Addition of Angiotensin II Improves Mortality in Severe Vasodilatory Shock
The addition of angiotensin II (Giapreza; La Jolla Pharma) to standard vasopressors has shown to significantly improve survival at Day 28 in patients with severe vasodilatory shock. The results come from the Phase 3 ATHOS-3 study which has been published in Critical Care Medicine.
Giapreza was approved in December 2017 to raise blood pressure in adults with septic or other distributive shock. In ATHOS-3, patients with a high severity of illness (APACHE II [Acute Physiology and Chronic Health Evaluation II] score >30 or baseline MAP <65mmHg) receiving norepinephrine or the equivalent, were randomized to the addition of IV angiotensin II (n=163) or placebo (n=158). The primary endpoint of mean arterial pressure (MAP) increase of ≥10mmHg or a MAP of ≥75mmHg was achieved by 70% in the Giapreza group vs 23% in the placebo group (P<0.001). Both treatment arms received standard-of-care vasopressors.

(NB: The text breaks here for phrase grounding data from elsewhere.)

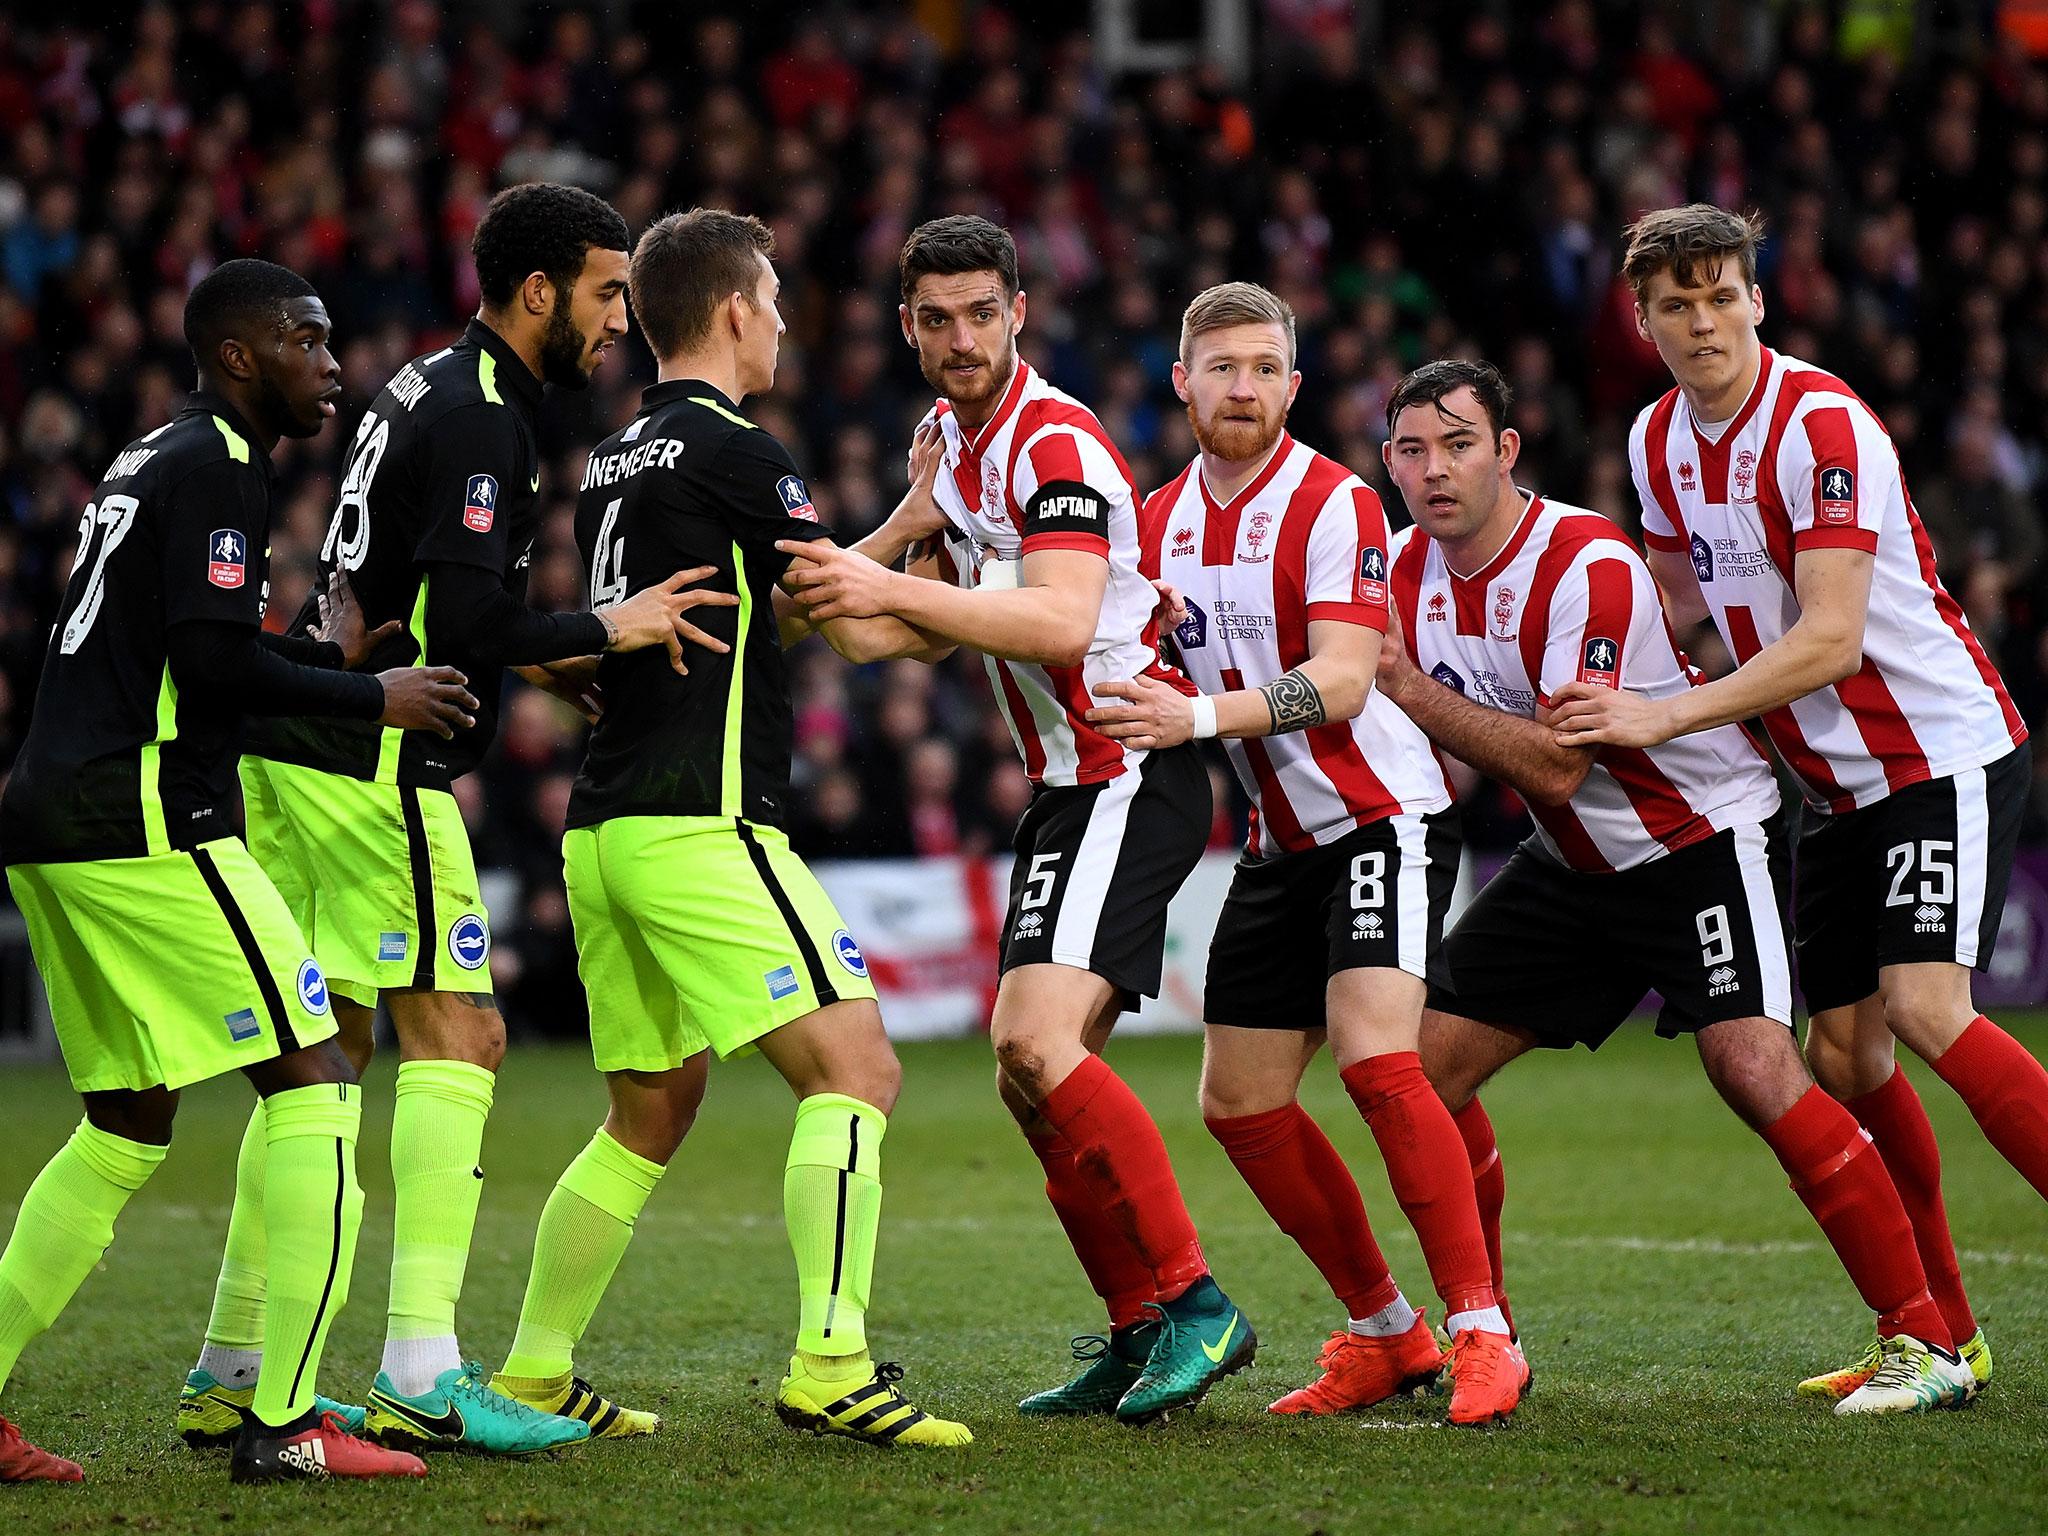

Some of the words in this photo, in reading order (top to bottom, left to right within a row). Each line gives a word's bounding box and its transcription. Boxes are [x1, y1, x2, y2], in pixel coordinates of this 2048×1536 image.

[1038, 496, 1098, 520] CAPTAIN
[591, 497, 627, 613] 4
[1714, 539, 1739, 550] BISHP
[1718, 560, 1773, 577] UNIVERSITY
[1021, 852, 1062, 910] 5
[1350, 851, 1385, 909] 8
[1886, 840, 1954, 908] 25
[1014, 928, 1042, 940] errea
[1352, 930, 1384, 940] errea
[1696, 904, 1734, 967] 9
[1914, 922, 1946, 933] errea
[1709, 982, 1740, 997] errea
[278, 1450, 330, 1482] adidas

Moreover, patients with a baseline APACHE II scores >30 had a significantly improved 28-day mortality trend in the angiotensin II group vs the placebo group: 54.2% (n=52) compared to 70.4% (n=50), respectively (hazard ratio 0.66, 95% CI: 0.40, 1.09; P=0.10). In patients with more severe disease at baseline, the 28-day mortality with the angiotensin II and placebo groups was 51.8% (n = 58) and 70.8% (n = 65), respectively (HR 0.62; 95% CI = 0.39- 0.98; P=.037).

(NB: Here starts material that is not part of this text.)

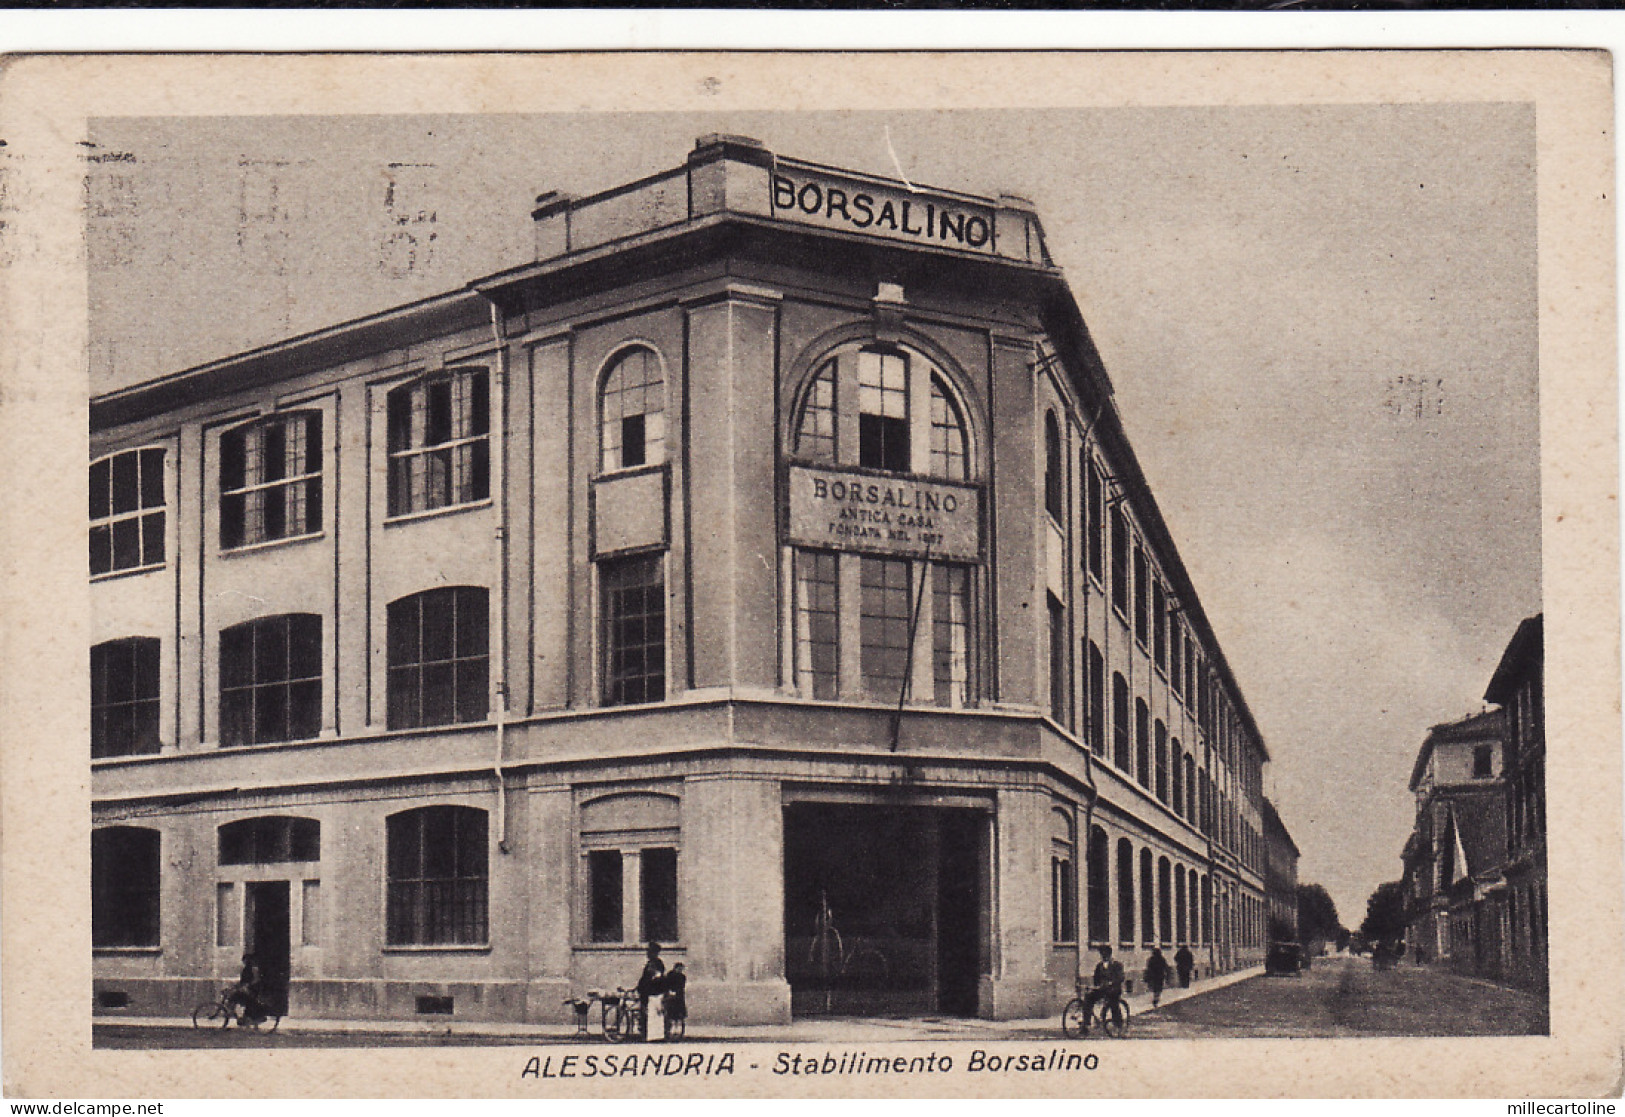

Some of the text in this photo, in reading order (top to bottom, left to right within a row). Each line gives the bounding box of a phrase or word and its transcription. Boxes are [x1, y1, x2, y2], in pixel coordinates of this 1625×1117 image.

[773, 174, 989, 247] BORSALINO
[813, 478, 957, 513] BORSALINO
[839, 508, 933, 528] ANTICA CASA

The most common adverse events were thrombocytopenia, tachycardia, fungal infection, delirium, acidosis, hyperglycemia and peripheral ischemia; which occurred in ≥4% of the angiotenisin II group vs. ≥1.5% for the placebo group.
The full results of ATHOS-3 will be presented at the Society of Critical Care Medicine's annual congress being held in San Antonio, TX.